Memilih kades memang membingungkan. Seperti kebingungan saat harus memilih antara dia atau menantimu. Iya, menantimu berani ngomong sama aku.
Kabupaten Bojonegoro bakal melaksanakan pilkades serentak pada 19 Februari mendatang. Hirukpikuk suasana pilkades sudah terasa. Perbincangan di tengah masyarakat mulai ramai.
Banyak pendukung fanatik terhadap calonnya, dan mengkritisi calon lain yang dianggap tidak layak. Mereka menganggap calonnya adalah sosok sempurna. Sampai tak sadar kalau kesempurnaan hanya milik Tuhan.
Nabs, siapapun yang sudah memenuhi syarat, wajib memilih calon kepala desa lho ya. Jangan sampai, hanya karena kamu belum bisa memilih pasangan hidup, lantas kamu juga malas memilih kepala desa ~
Milih calon pemimpin itu mirip milih jodoh. Selain amanah, juga harus punya keberanian dan rasa percaya diri. Jangan cuma dia yang beraninya lewat chat aja, tapi pas ketemu nggak berani ngomong, alih-alih menyapa. Huft.
Memilih calon kades memang membingungkan. Seperti kebingungan saat harus memilih dia atau menantimu. Iya, menantimu berani ngomong sama akuuh ~
Maka dari itu, kenali setiap kandidat dari cara mereka bermasyarakat sekaligus kenali visi dan misinya.

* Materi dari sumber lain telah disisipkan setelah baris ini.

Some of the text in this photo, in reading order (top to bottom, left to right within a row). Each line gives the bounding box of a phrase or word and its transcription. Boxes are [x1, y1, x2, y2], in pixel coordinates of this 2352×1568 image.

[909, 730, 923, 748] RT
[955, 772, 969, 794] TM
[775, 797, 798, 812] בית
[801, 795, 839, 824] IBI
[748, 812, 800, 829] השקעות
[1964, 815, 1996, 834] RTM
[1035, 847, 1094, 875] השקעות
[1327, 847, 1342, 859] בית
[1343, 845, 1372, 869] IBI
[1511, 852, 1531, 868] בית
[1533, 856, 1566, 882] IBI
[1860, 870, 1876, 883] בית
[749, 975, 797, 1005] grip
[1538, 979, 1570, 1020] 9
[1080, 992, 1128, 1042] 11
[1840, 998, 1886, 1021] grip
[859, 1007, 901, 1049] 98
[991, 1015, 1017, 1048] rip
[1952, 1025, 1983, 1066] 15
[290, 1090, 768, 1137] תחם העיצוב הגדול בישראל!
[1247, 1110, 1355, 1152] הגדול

Siapapun yang akan terpilih nanti, toleransi tetap diprioritaskan dan menjadi pondasi.
Jangan hanya karena beda pilihan membuat hubungan tidak harmonis sesama masyarakat. Kayak seperti: jangan hanya karena nggak diperhatiin berarti cintamu ditolak, nggak. Bisa jadi kamu diperhatiin dengan cara yang lain.
Menentukan pilihan memang sulit. Seperti halnya menentukan pasangan hidup. Tidak sembarang orang bisa layak dipilih. Sebab, yang paling tidak meragukanlah yang layak untuk dipilih.

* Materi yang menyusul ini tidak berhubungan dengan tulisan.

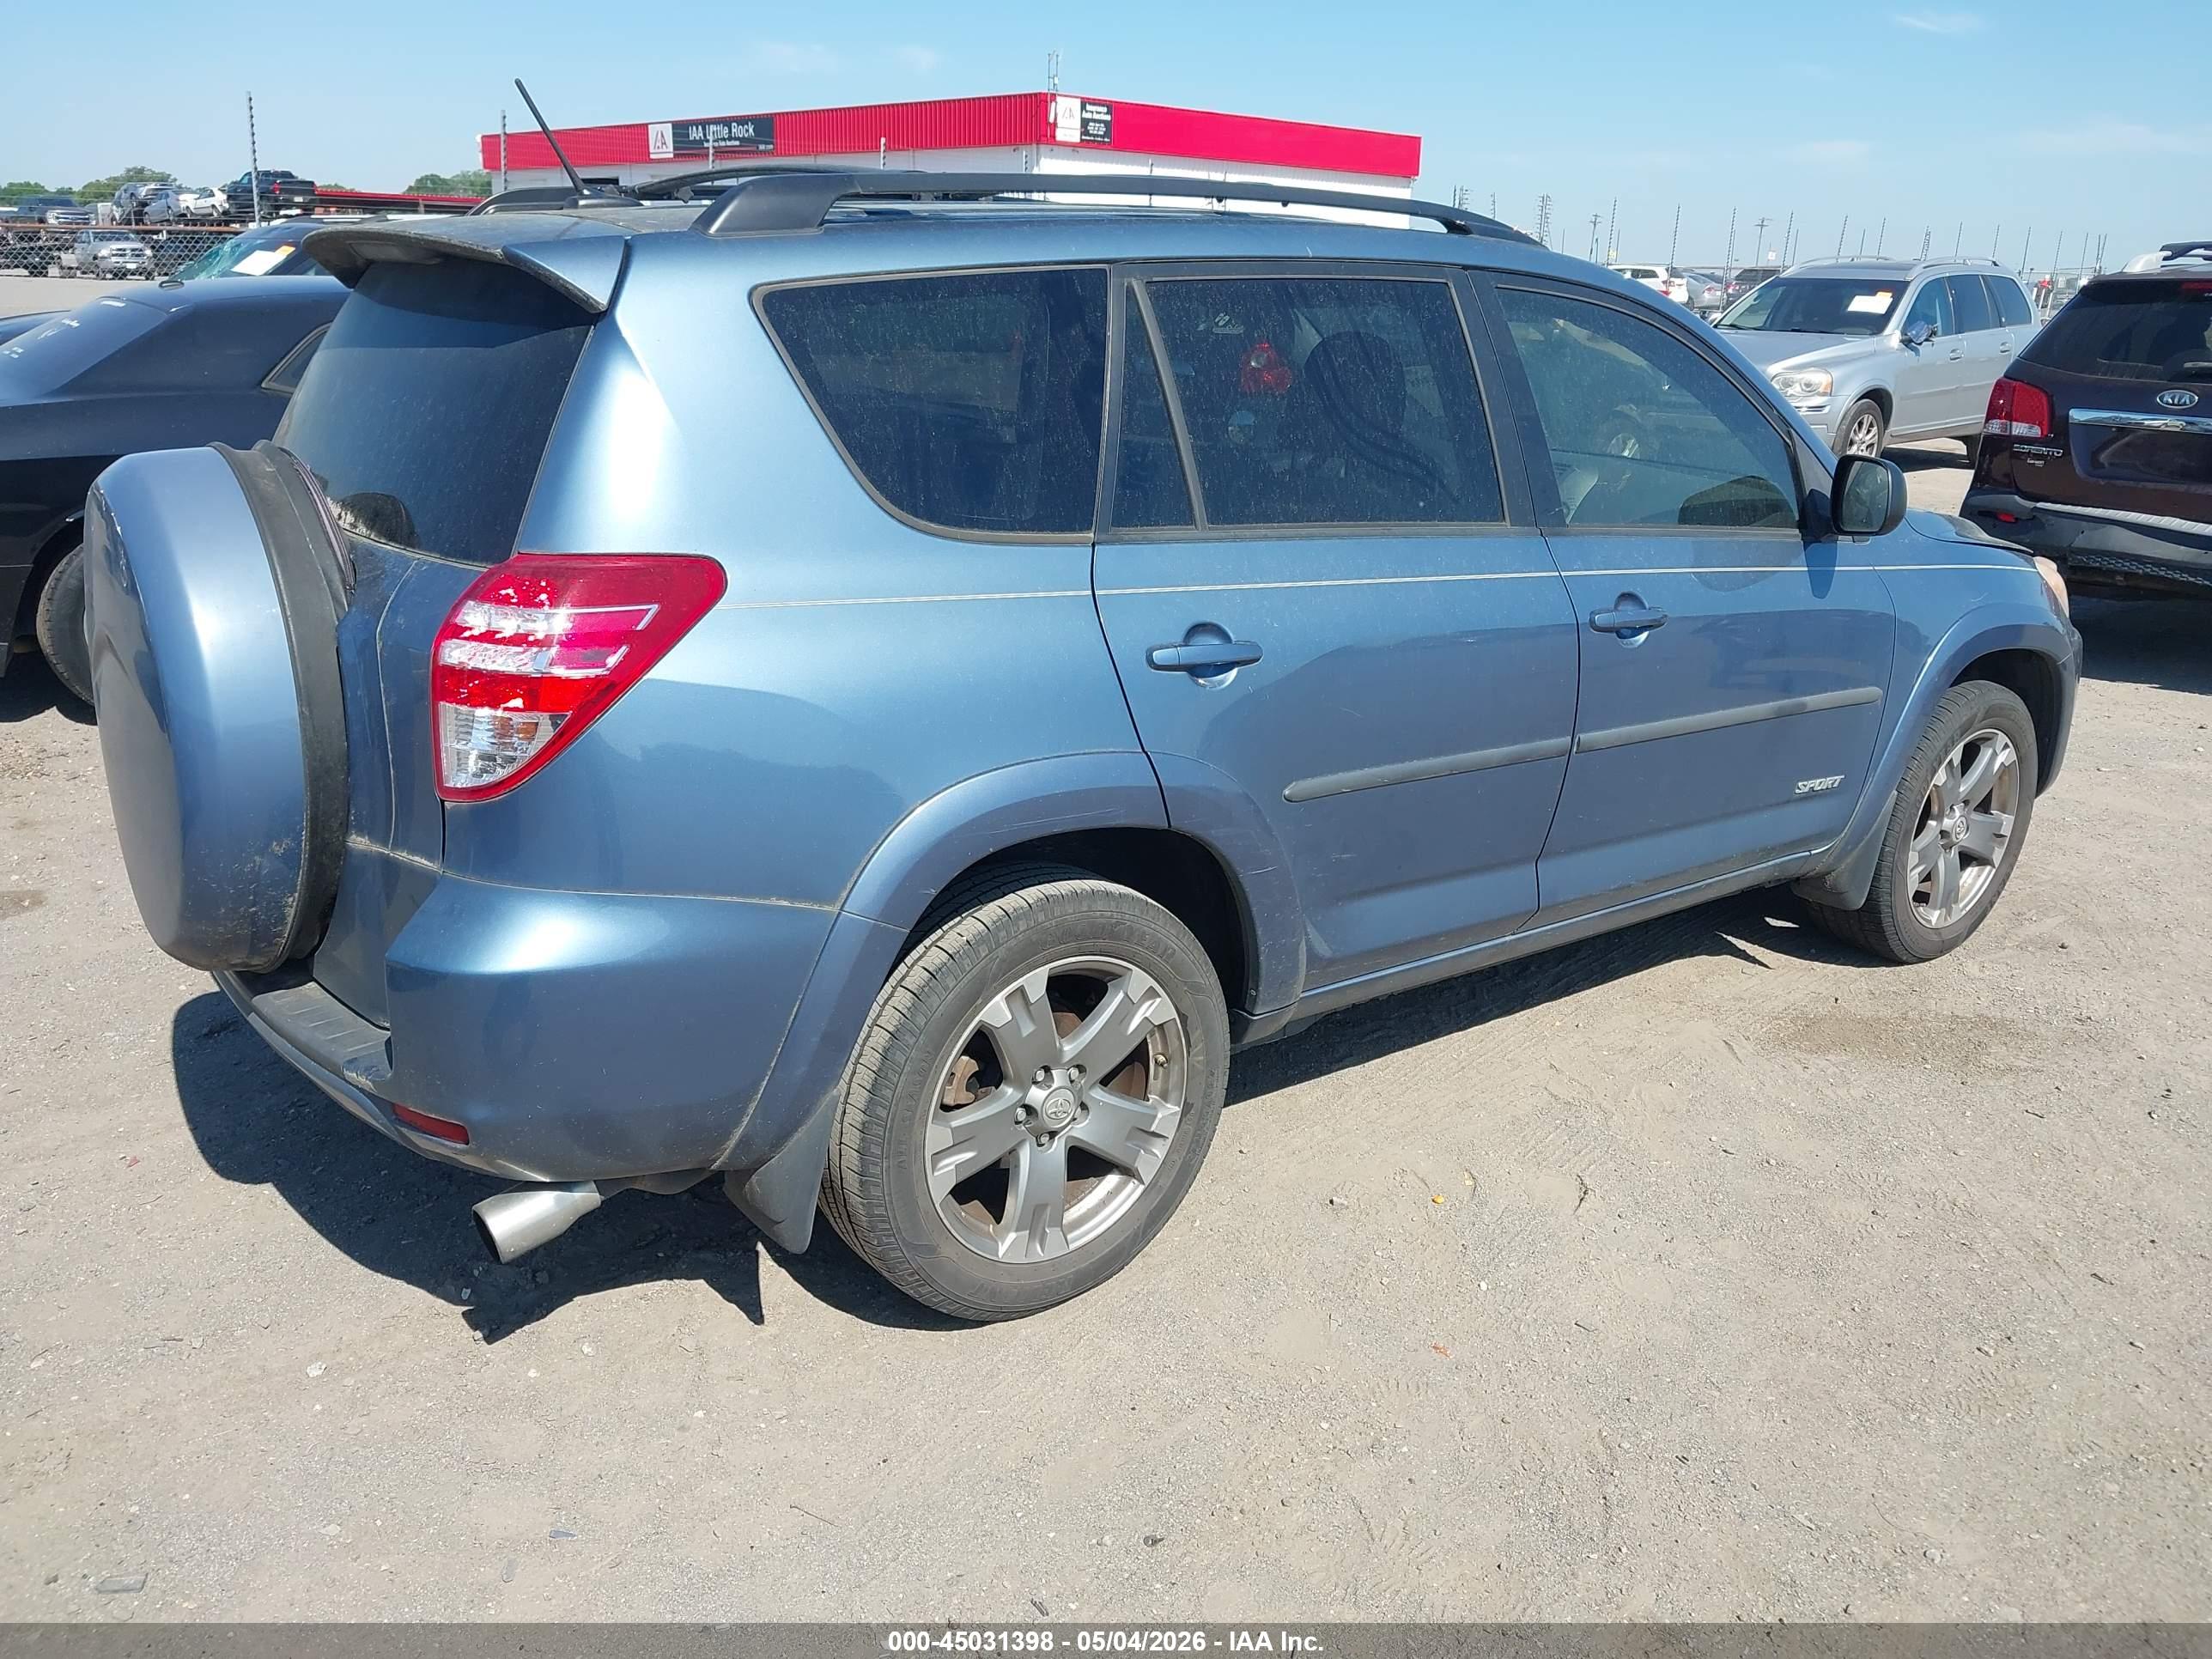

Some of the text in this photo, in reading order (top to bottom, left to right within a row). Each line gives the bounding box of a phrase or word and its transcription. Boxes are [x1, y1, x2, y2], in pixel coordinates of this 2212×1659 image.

[689, 125, 704, 140] IAA
[731, 121, 755, 138] Rock
[2163, 393, 2191, 404] KIA
[1795, 775, 1845, 794] SPORT

Meski sulit dan pasti melewati fase galau-galauan terlebih dahulu, yang namanya pilihan ya harus dipilih. Kan nggak mungkin milih dia dan kamu sekaligus. Kan harus milih satu. Biar satu visi dan misi menuju masa depan. Hehe
Teman-teman yang baik, pilkades mengajarkan kita agar tidak baper kalau ternyata realita nggak sesuai dengan ekspektasi. Karena kebanyakan, mereka yang terpilih, biasanya bakal melupakan janji-janji manis selama berpacaran berkampanye.

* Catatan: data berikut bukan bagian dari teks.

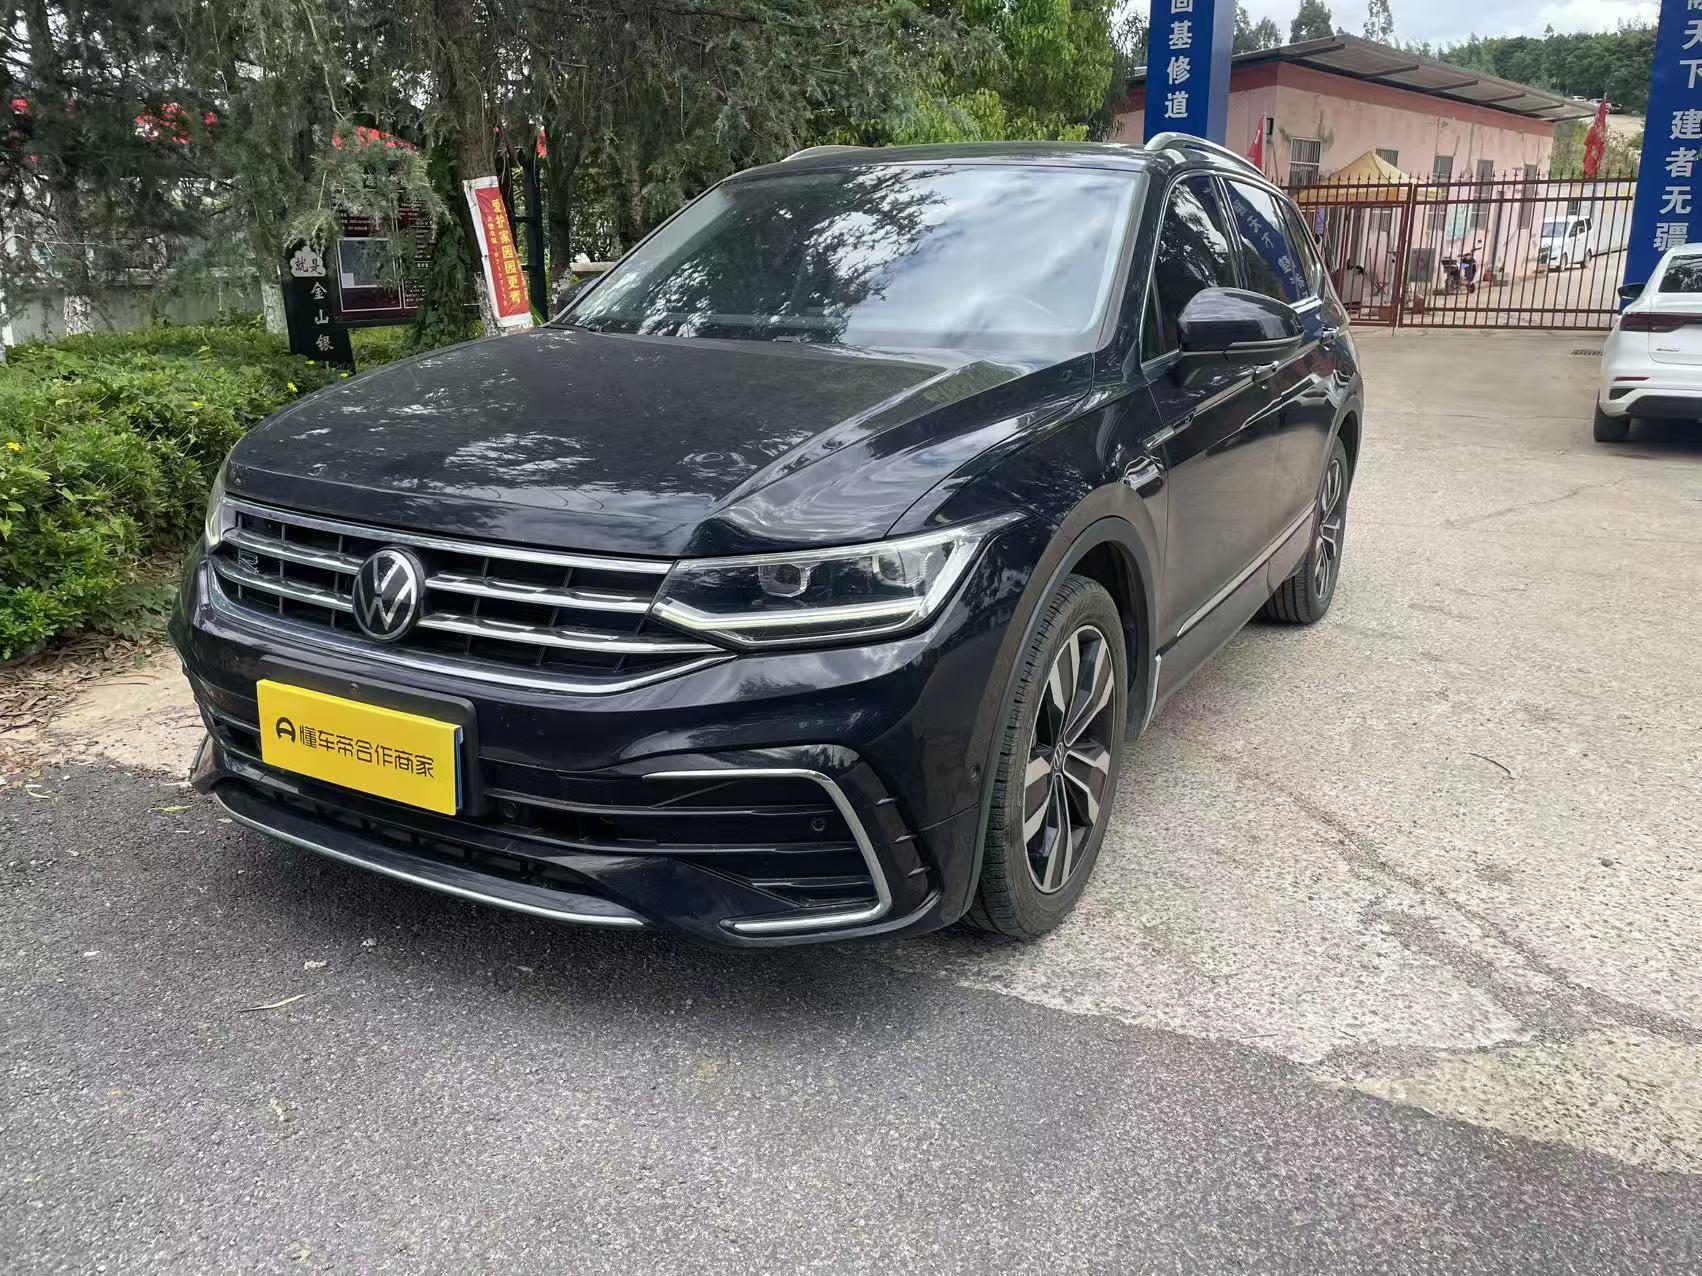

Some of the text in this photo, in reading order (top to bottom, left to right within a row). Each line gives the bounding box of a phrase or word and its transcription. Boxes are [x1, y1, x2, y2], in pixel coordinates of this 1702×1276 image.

Maka dari itu, ta’aruf pada calon kepala desa juga penting agar tidak menyesal dalam mengambil sebuah pilihan. Jadi, nggak cuma si dia aja yang harus dita’arufi, tapi juga calon kepala desa. Tentu dengan cara yang berbeda.
Lalu, bagaimana calon yang tidak terpilih? Ya harus menelan pahitnya rasa kecewa sekaligus belajar merela. Kayak pas si dia nggak milih kamu, tapi lebih milih orang lain.
Dalam kompetisi, memang harus ada yang terpilih dan ada yang tidak terpilih. Ibaratnya begini, kamu sudah berusaha mendekati orang yang kamu suka, tapi ternyata orang lain yang mendapatkannya. Terus mau apa?
Sebesar apapun usaha yang dilakukan, kalau ternyata bukan kamu yang diharapkan, memangnya apa yang bisa kita lakukan, selain mengikhlaskan.
Menang ora umuk kalah ora ngamuk. Menurut saya, prinsip itu perlu diimplementasikan kandidat kepala desa. Calon yang menang tidak perlu melakukan selebrasi terlalu berlebihan, sampai menggelar acara pesta-pora dan sebagainya.
Sementara bagi yang kalah, harus tetap berlapang dada menerima kekalahan.Tidak perlu mencari kesalahan orang lain, dan bisa lebih berintrospeksi diri.
Meski beda pilihan, semua harus tetap guyub rukun dan bareng bareng. Jangan sampai pilkades memecah belah kerukunan masyararakat. Pilihan boleh beda, tapi kerukunan antar warga harus tetap dijaga.
Perbedaan pilihan pada calon kepala desa, merupakan bentuk demokrasi yang ada. Warga harus pandai menyikapi perbedaan universal dalam politik untuk tujuan kesejahteraan bersama.
Fanida Nuruz Zahro’ adalah mahasiswi penyabar yang sabar menuntut ilmu dan sabar menanti cinta sejati.